Saying that an event was someone's ("the software developer's") fault isn't helpful. I'd even say it's harmful. We shouldn't be looking at individuals, but processes. Were there requirements for confirmation? If not, why? If so, were they implemented? How did this get past various reviews of requirements, designs (software and UI), and implementation? Was this raised as a concern early? These are the types of questions we should be asking. We shouldn't be using words like "fault" and "blame".

 

Per devops practices: "blame is a useless emotion that has no place in business"

 

I've never heard it in the context of DevOps, but in various Lean methodologies there's a similar idea. Blame and finger-pointing hinders continuous improvement.

 
 

"Software developers cannot ship interfaces that make this sort of human error possible." - Exactly this!
I can't get it into my head why there wasn't at least an additional confirmation dialog with a bright red warning! 🤦🏻‍♂️

 

I used to work at a company that placed a lot of people on a project that was written in C#, these people had no experience of C#. The project was for a government/public sector project. I am not surprised at all that these things happen.

 

I'm sorry, but you can't blame C#. It's like a surgeon blaming a unfamiliar scalpel manufacturer for a surgical mistake. This could be one of those if-it's-not-in-the-Acceptance-Criteria-,-even-if-it-makes-all-the-sense-in-the-world-,-don't-do-it kinds of things. Or, someone didn't do their due-diligence when writing them up.

 

not blaming c#, blaming the company on putting people with no skill in c# on a c# project

Kinda washes. But bad design is bad design no matter the language. Having to deal with a unfamiliar language is a distraction for sure, but that's a productivity not a quality issue.

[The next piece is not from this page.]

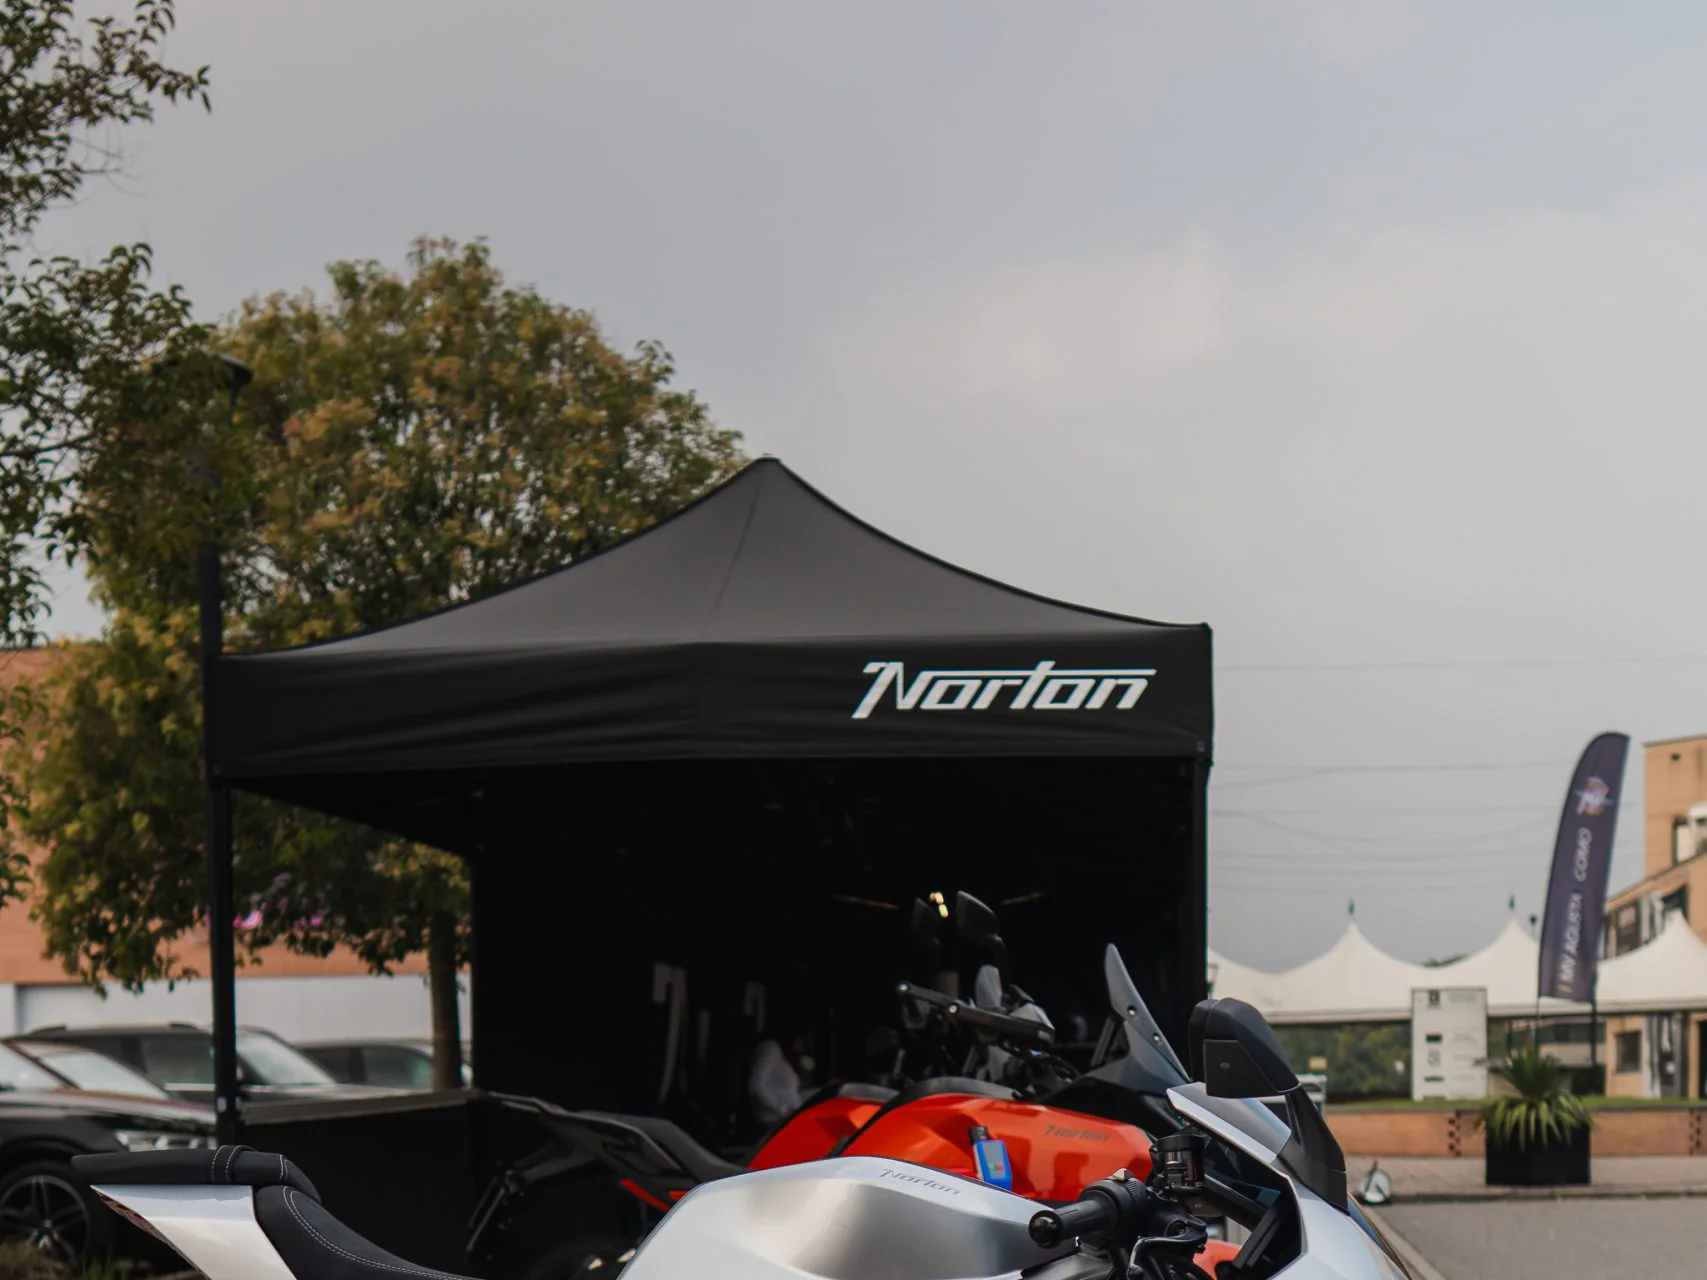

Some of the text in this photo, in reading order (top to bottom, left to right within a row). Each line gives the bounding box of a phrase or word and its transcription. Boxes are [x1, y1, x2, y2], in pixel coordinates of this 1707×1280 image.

Of course it is, if your unfamiliar with a language and you can't expect the deadlines to be met with perfect design? a lot of time wasted on learning, which leads to rushed/panicked work and ultimately bad design. I don't think putting anyone with programming skills on any role is a solution or okay. You're assuming everyone has a great knowledge of programming and you end up putting some people under unnecessary stress. This could all be resolved by hiring/putting people on the team with the right skills.

It still doesn't matter how unfamiliar with a language one is. UI blunders are language agnostic. In fact, they're programmer agnostic. Even an expert in C# wouldn't necessarily be responsible for a UI decision. As programmers, we design software to accomplish a job and that doesn't always include usability. While some programmers are better at catching this stuff and maybe even have an eye for UI, most of the time (particularly with UI), we are told what the UI is supposed to look like. On the other side of things, I often catch UI blunders like this and am told to shut up an color. A non-technical person should have reviewed this an identified the potential problem.

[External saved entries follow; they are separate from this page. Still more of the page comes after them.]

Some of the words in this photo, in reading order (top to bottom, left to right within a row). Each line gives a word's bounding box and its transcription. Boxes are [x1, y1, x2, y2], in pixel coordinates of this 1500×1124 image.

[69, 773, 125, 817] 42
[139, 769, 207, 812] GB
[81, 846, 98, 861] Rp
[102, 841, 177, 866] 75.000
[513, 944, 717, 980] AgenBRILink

"Uh hey... I realized that we asked for this, but is it really such a great idea to store the hydrochloric acid in an unmarked mountain dew bottle in the fridge next to the mountain dew?"

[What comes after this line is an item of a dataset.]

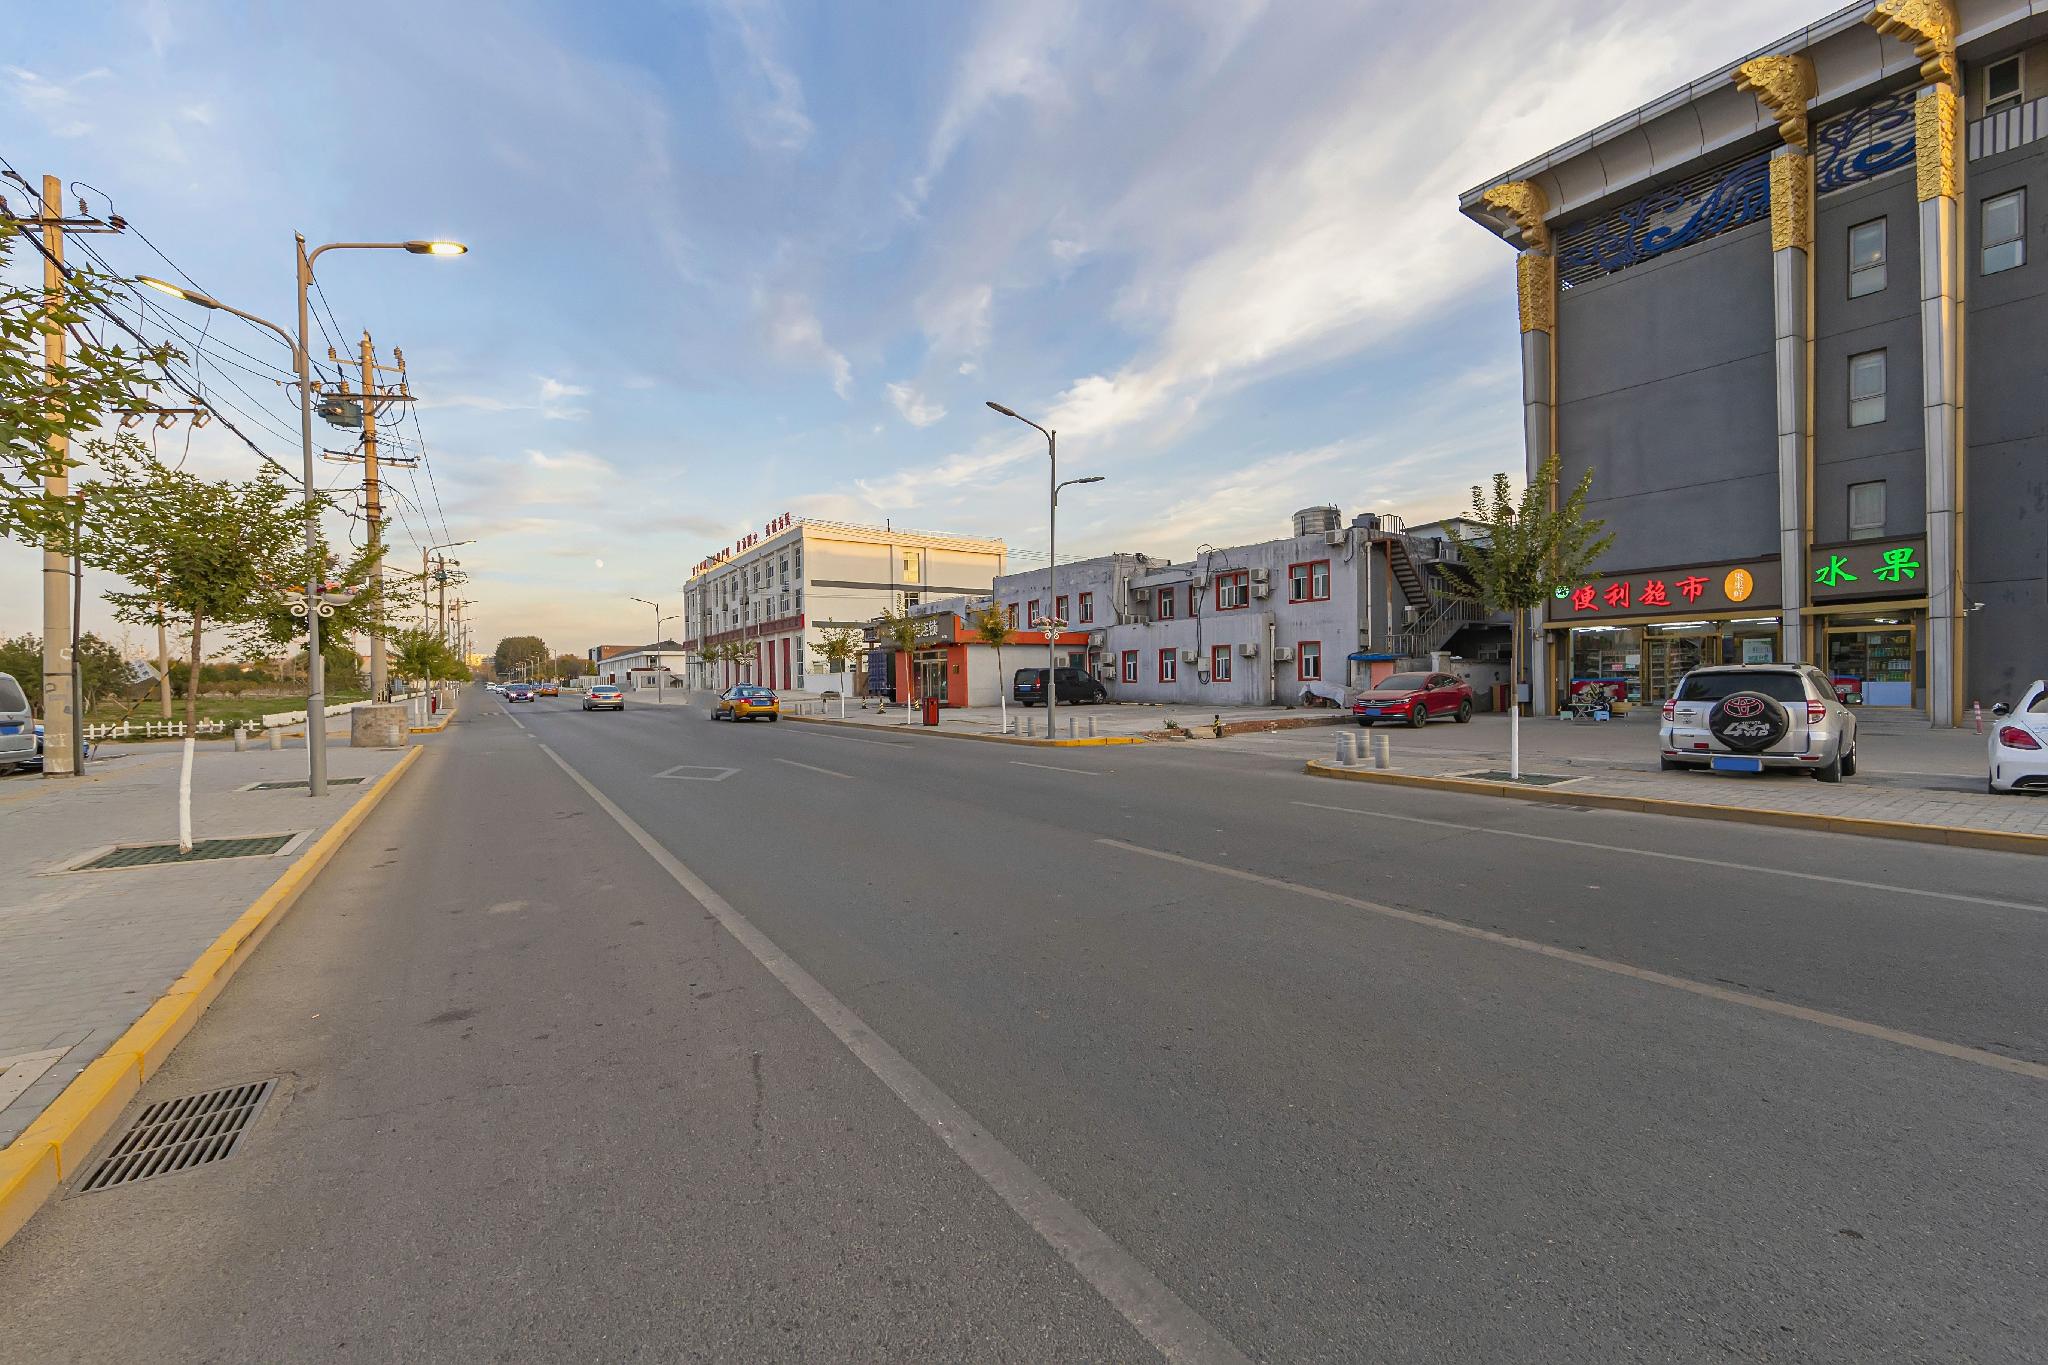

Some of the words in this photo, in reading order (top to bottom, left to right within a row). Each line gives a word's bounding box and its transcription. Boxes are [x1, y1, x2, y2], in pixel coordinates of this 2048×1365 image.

This was a management failure, not a programmer failure.

Thats a very romanticised view, especially when it comes to big contracting companies. I was on many projects where things needed to be done yesterday and there was minimal input if at all from a design team. Yes this is a management problem. However if your unfamiliar with a language and you have to hit a deadline and you're unfamiliar with how to create different ui components you're going to build you know. In this instance a drop down menu with two options. Often people reviewing these UI's aren't design/UX savvy, and just think "does it work", and it gets through.

These people are as stressed as each other and are pressured to get things done. There is a difference between being unfamiliar and not knowing anything at all about a language.

You're example is a little exaggerated, so lets keep to the point. A drop down menu might seem okay to some people and not to others, point proven by this article. I am willing to bet that this was done to get the job done, not to be perfectly designed. My example was to illustrate that people in charge of these contracts don't care to much about quality but how fast they can get a job done. If they have hot bodies on seats, then they can work on this project, not caring what they are skilled in.

 

The discussion here seems focused on the responsibilities of developers and designers, so I feel obliged to make a different point:

The fault for causing panic and fear over an incoming nuclear attack lies with the existence of a system in which one must fear an incoming nuclear attack. It's technology's biggest mistake as an industry and a collection of people that we look at this situation and conclude that, in an ideal world, the design of the nuclear warning system would prevent accidental false alarms. In an ideal world there would be no nuclear warning system and no nuclear weapons. Let's stop asking how we can make terrible, monstrous things more user-friendly and instead ask why we are building terrible, monstrous things.

 

You don't know for sure if it was the developer's fault or not. Not everything a developer or designer suggests makes it into the final product. The client (the government) could have declined the confirmation feature you're recommending. Or the client may have turned down repeated suggestions to update the design. Without more information, blaming this on the developer alone is speculation only.

 

If the mistake can be made, it will eventually be mdade. We call this type of error "fat fingering" and it happens all the time. Can't decide if those two sentences were intentionally side by side...

 
 

Putting a Dev (and only the dev) to blame is quite arrogant and maybe also a bit ignorant of all the circumstances.

Especially for such a scenario its contra productive to try putting someone to blame. There was not only the Dev, or the people who created the specification, there was also an uncountable number of people who used it already and did not insist on a change.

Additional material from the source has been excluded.